One person opening multiple social media accounts may not appear to be a sign of an impending attack. However, in the world of cryptocurrencies, Sybil attackers could be a security threat.
What is a Sybil attack, you ask? It is when someone creates multiple nodes, much like multiple fake social media accounts on a blockchain network, to organize an attack and out-vote the honest nodes on the network.
Ian had created the identities of 11 independent developers who appeared to be working on a variety of projects. In this way, he was able to create a vast web of interlocking DeFi protocols that projected billions of dollars of double-counted value onto the Saber ecosystem.
Ian is the ‘Surya Khosla’ of Sunny Aggregator and the ‘0xGhostchain’ of Cashio. The Macalinao brothers referred to their anonymous personas as “friends” or “friends of friends.”
Among the so-called 11 developers were Larry Jarry of mining rewards aggregator Quarry, Swaglioni, the “grandmaster” of governance platform TribecaDAO, and others.
Macalinao created the Saber protocol on Solana and used these personas to construct what appeared to be independent Saber projects.
By doing so, he was able to artificially inflate Solana’s apparent total value locked (TVL) by counting the same tokens twice.
Saber and Sunny were responsible for fake $7.5 billion of Solana’s $10.5 billion TVL at their peak popularity.

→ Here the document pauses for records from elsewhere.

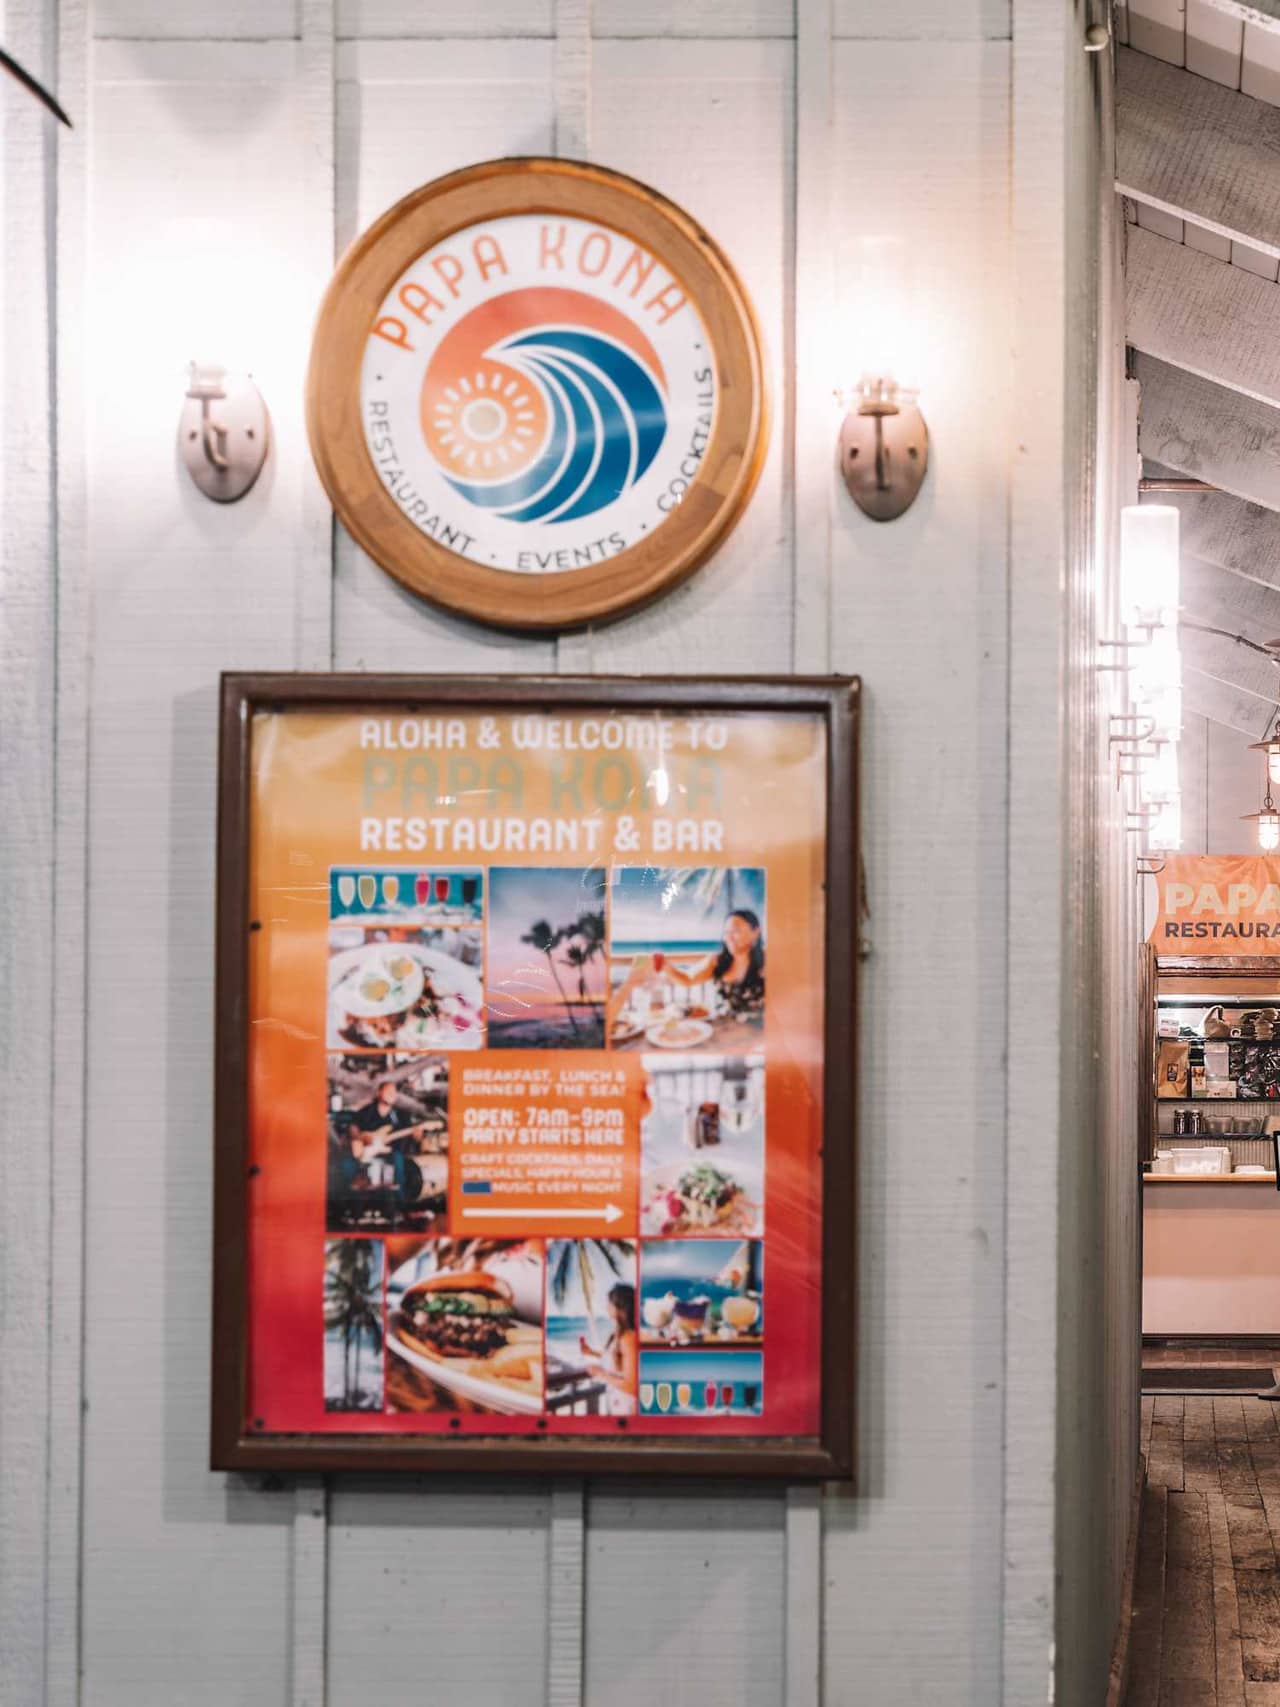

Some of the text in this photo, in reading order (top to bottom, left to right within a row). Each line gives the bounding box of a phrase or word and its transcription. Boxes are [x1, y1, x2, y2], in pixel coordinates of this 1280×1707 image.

[370, 224, 688, 352] PAPA KONA
[368, 366, 714, 570] RESTAURANT EVENTS COCKTAILS
[360, 716, 729, 750] ALOHA & WELCOME TO
[363, 754, 525, 812] PAPA
[360, 815, 725, 851] RESTAURANT & BAR
[559, 1070, 611, 1083] LUNCH
[462, 1083, 525, 1097] DINNER
[528, 1083, 551, 1097] BY
[555, 1084, 585, 1097] THE
[463, 1107, 521, 1126] OPEN:
[462, 1127, 625, 1146] PARTY STARTS HERE
[536, 1181, 578, 1193] EVERY
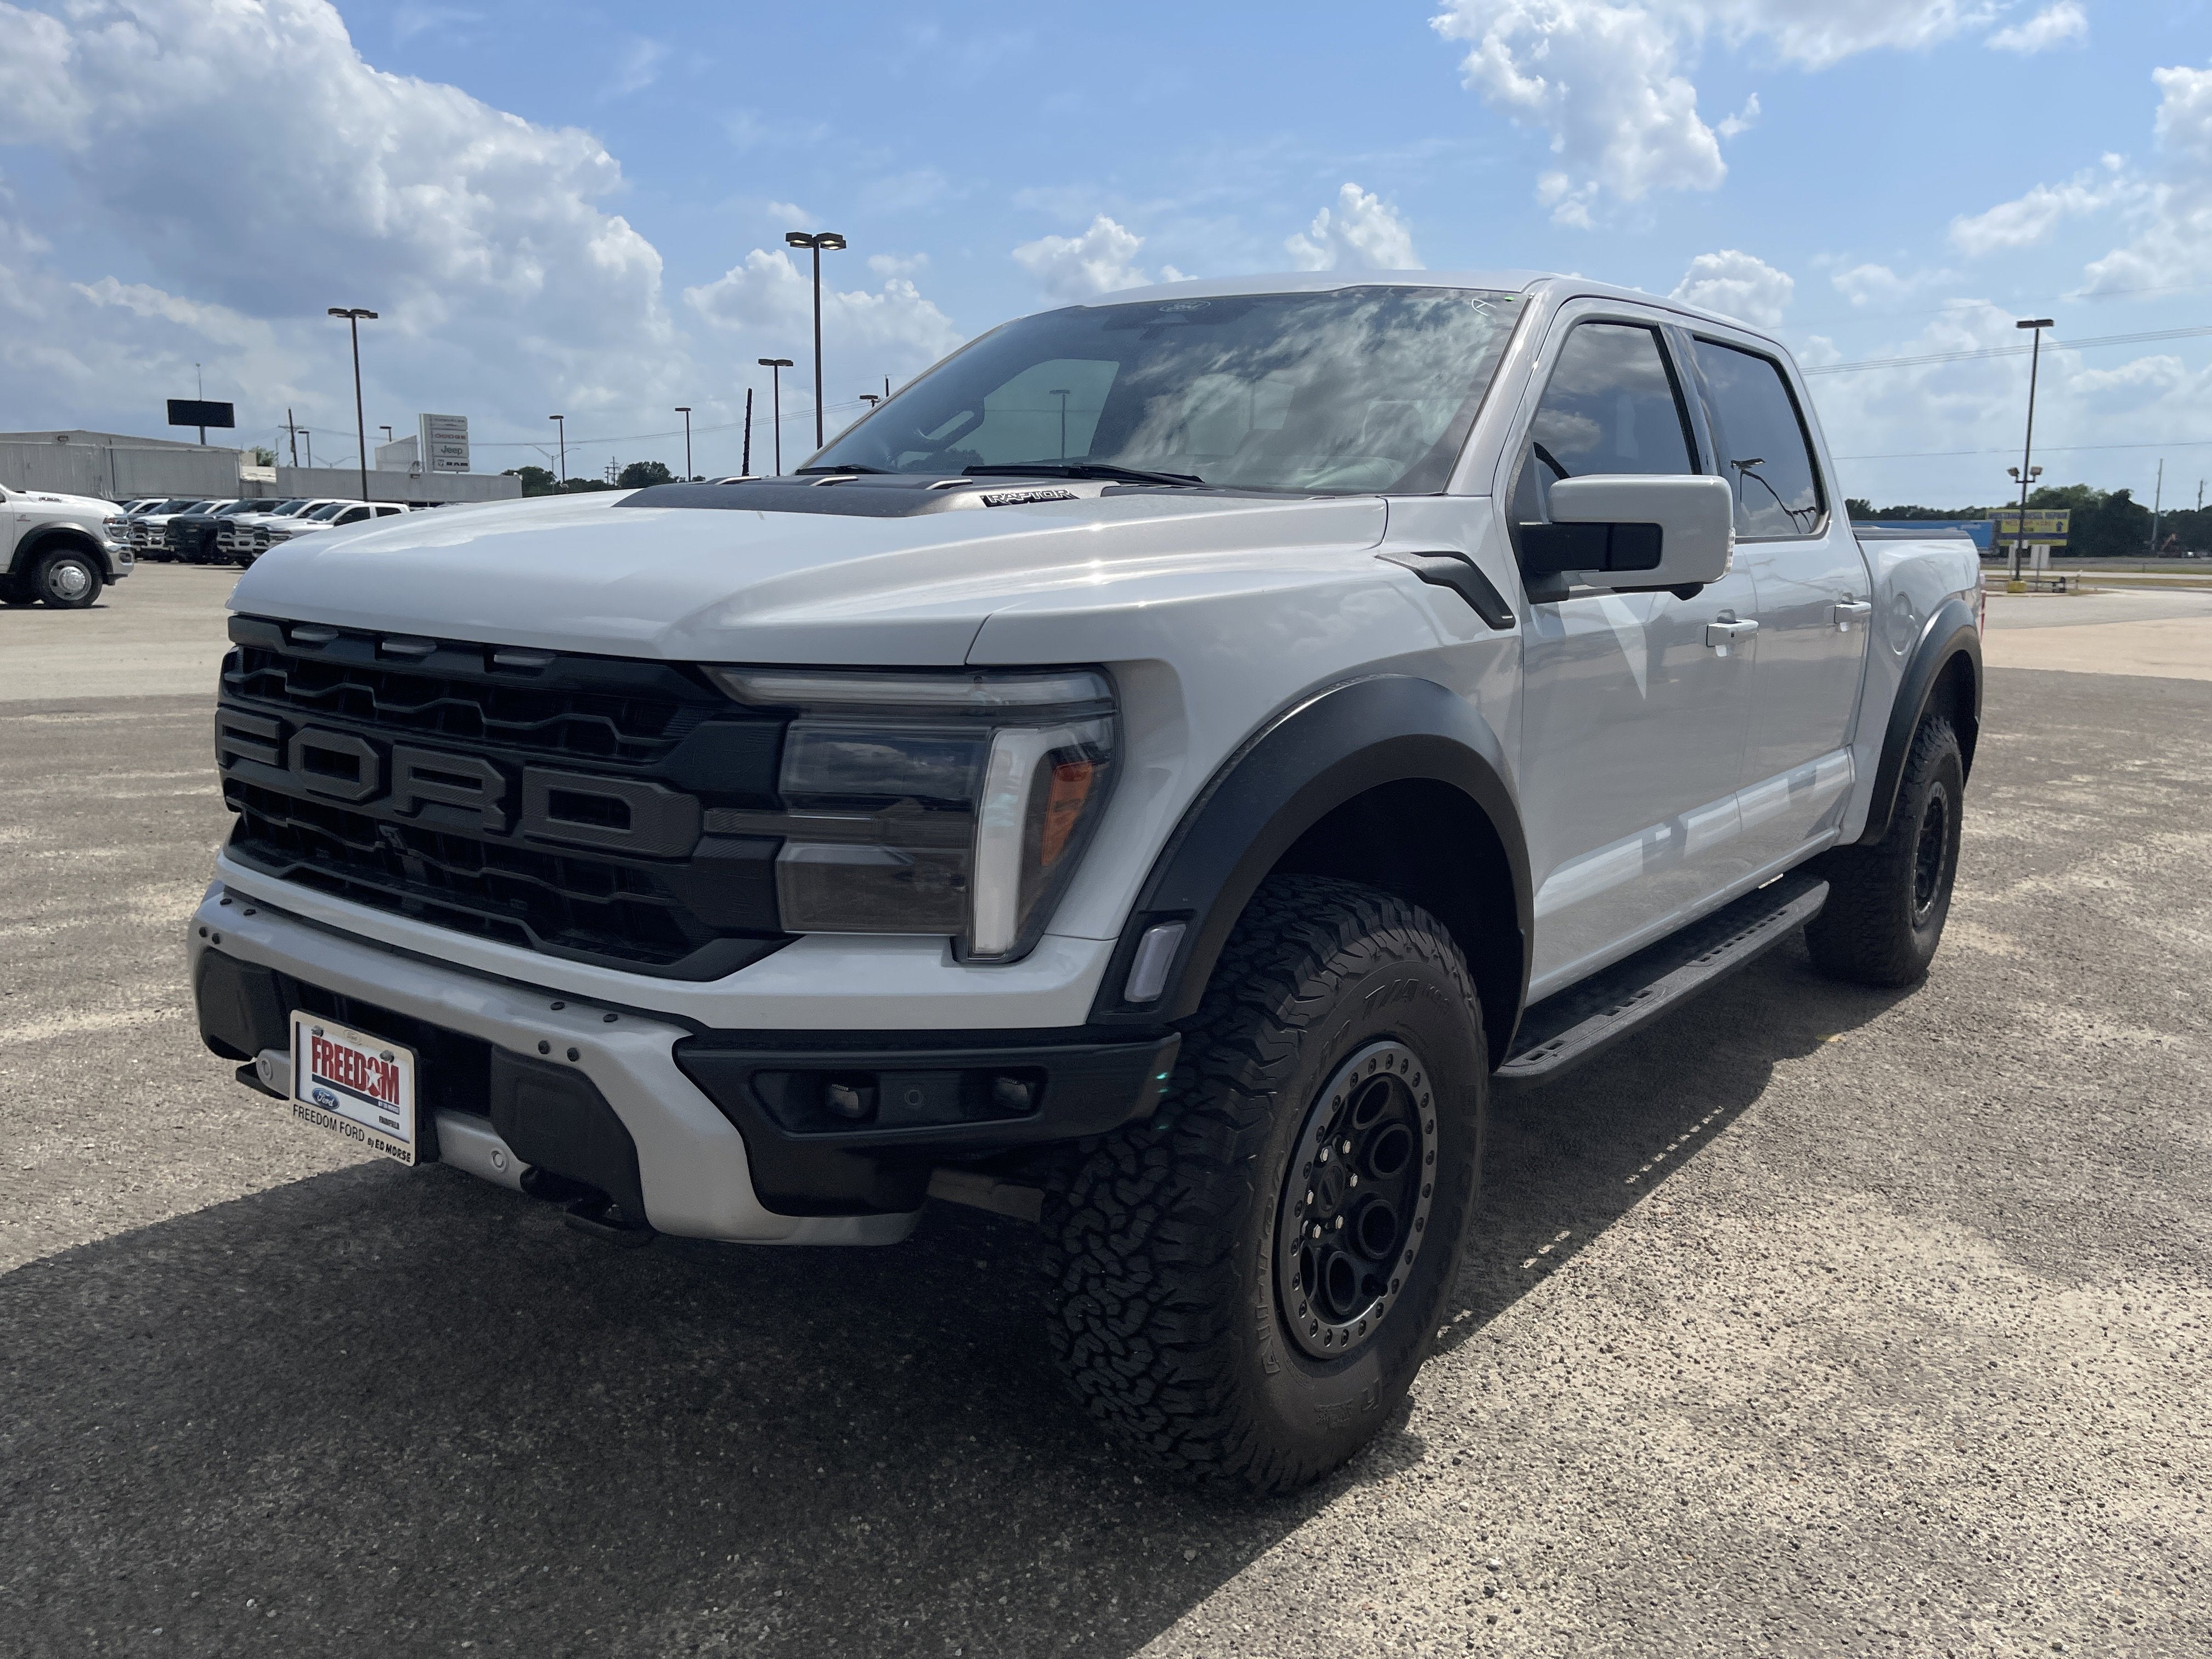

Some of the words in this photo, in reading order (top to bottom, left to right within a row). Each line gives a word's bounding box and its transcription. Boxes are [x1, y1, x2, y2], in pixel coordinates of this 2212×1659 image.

With the growing popularity of DeFi, TVL has become an important metric for investors, and as the TVL of a DeFi platform rises, so does its liquidity, popularity, and usability.
Ian Macalinao admitted to creating the lot in an unpublished blog.
“If an ecosystem is all built by a few people, it does not look as authentic,” Ian wrote.
“I wanted to make it look like a lot of people were building on our protocol, rather than ship 20+ disjoint[ed] programs as one person.”
The blog post was written in March, three days after Cashio, one of Ian’s secretly built protocols, lost $52 million in an ‘Infinite Mint Glitch’ hack.
Dylan wrote, “There’s only one way to build a strong moat in crypto: have so many other protocols/apps/layers depend on your protocol that its failure would lead to the entire system going down.”
The “army of anons” was used to lend credibility to Ian’s various personas to those who were skeptical about putting money into projects led by anonymous people.